Por Gina Dantraccoli
La Congregación de Hermanas Oblatas que tiene sede en la ciudad de Rosario tiene un proyecto llamado “Huellas del Redentor”, que es un voluntariado que cada veinte días en las tardes y en las noche visitas las “zonas rojas” de la ciudad para visitar trabajadoras sexuales.
Son las ocho y media de la noche y a la ruta Buenos Aires la absorbe un abismo negro. Pero Priscilla, que viaja despacio en un auto, no siente miedo. No está sola, son cuatro mujeres en total: Alejandra al volante, Andrea “la colo”, y Amelia docente jubilada. Es jueves, y se dirigen a la zona del peaje General Lagos a visitar a cuatro chicas prostitutas.
El jueves para Priscilla había sido normal, como cualquier otro.

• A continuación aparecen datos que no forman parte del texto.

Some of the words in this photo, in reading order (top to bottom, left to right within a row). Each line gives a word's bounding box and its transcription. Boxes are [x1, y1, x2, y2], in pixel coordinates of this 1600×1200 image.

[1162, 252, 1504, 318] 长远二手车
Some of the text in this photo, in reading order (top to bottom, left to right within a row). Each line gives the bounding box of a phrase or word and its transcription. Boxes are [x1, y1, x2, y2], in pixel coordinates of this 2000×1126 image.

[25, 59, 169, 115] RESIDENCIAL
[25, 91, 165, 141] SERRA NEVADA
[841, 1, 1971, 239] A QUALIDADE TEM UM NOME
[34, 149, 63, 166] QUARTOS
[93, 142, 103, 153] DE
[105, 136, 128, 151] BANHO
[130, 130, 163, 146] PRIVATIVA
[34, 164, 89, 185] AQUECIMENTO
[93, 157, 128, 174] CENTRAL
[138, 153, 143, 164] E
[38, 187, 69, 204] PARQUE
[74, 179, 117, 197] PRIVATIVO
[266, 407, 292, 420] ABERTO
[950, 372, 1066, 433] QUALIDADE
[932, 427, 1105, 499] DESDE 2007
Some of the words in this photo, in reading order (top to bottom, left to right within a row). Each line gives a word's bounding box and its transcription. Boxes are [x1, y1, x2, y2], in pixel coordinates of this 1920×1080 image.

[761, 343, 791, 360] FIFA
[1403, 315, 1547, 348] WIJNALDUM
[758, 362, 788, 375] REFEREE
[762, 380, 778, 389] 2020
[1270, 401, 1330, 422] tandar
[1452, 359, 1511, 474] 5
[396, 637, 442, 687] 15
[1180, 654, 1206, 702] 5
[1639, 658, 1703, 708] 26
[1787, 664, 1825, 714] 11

Iba hasta las cinco de la tarde al “Centro Madre Antonia”, un espacio que ofrece talleres a mujeres en situación de vulnerabilidad ubicado en el barrio “Las Flores”. A la noche tocaba la visita a cuatro chicas que estaban en la ruta, una de las misiones de la congregación a la que pertenece, a través del grupo de voluntariado Huellas del que participan sus compañeras de viaje y otras 16 voluntarias.
Priscilla es de Brasil. Es una mujer que recorre los treinta años, tiene tirabuzones negros en la cabeza, y su piel es del mismo color que el café con leche. En 2011 cuando ya era una fiel creyente recibió “el llamado de Dios”. Como Priscilla se inclinaba por el lado más social, cuando escuchó sobre la Congregación Oblatas que trabaja con mujeres en situación de prostitución algo dentro de ella le resonó, y se dijo que era ahí donde tenía que pertenecer. Fue recién en 2019 que, antes de la pandemia, fue trasladada a Rosario.
La sede de las Hermanas Oblatas de la ciudad de Rosario se encuentra ubicada detrás del colegio Jesús de Nazaret, que está en zona sur, y que también forma parte de la congregación. En Rosario el primer proyecto que tuvo la congregación fue el “Centro Madre Antonia” que ya tiene 25 años. Pero como su carisma principal era ayudar trabajadoras sexuales, las hermanas querían formar un proyecto que visitara las zonas rojas de Rosario donde había más concentración de prostitución. Luego de trabajar mucho en que se dieran las condiciones, el grupo “Huellas” nació en el año 2019, como voluntariado. en que participan hermanas invitaron a todos aquellos trabajadores del colegio, como profesores y porteras.
Para Priscilla el trabajo de campo que realiza con el grupo “Huellas” no es algo nuevo, ni el primero que hace.
-Yo venía de un proyecto en Brasil donde entrábamos directamente en los prostíbulos. Lo que nunca había hecho era trabajo de estar en la calle. Entonces eso para mí fue un impacto grande: mirar que un auto para, que la mujer entra en cualquier auto que no conoce, que no sabe a dónde la puede llevar, y que le puede pasar de todo.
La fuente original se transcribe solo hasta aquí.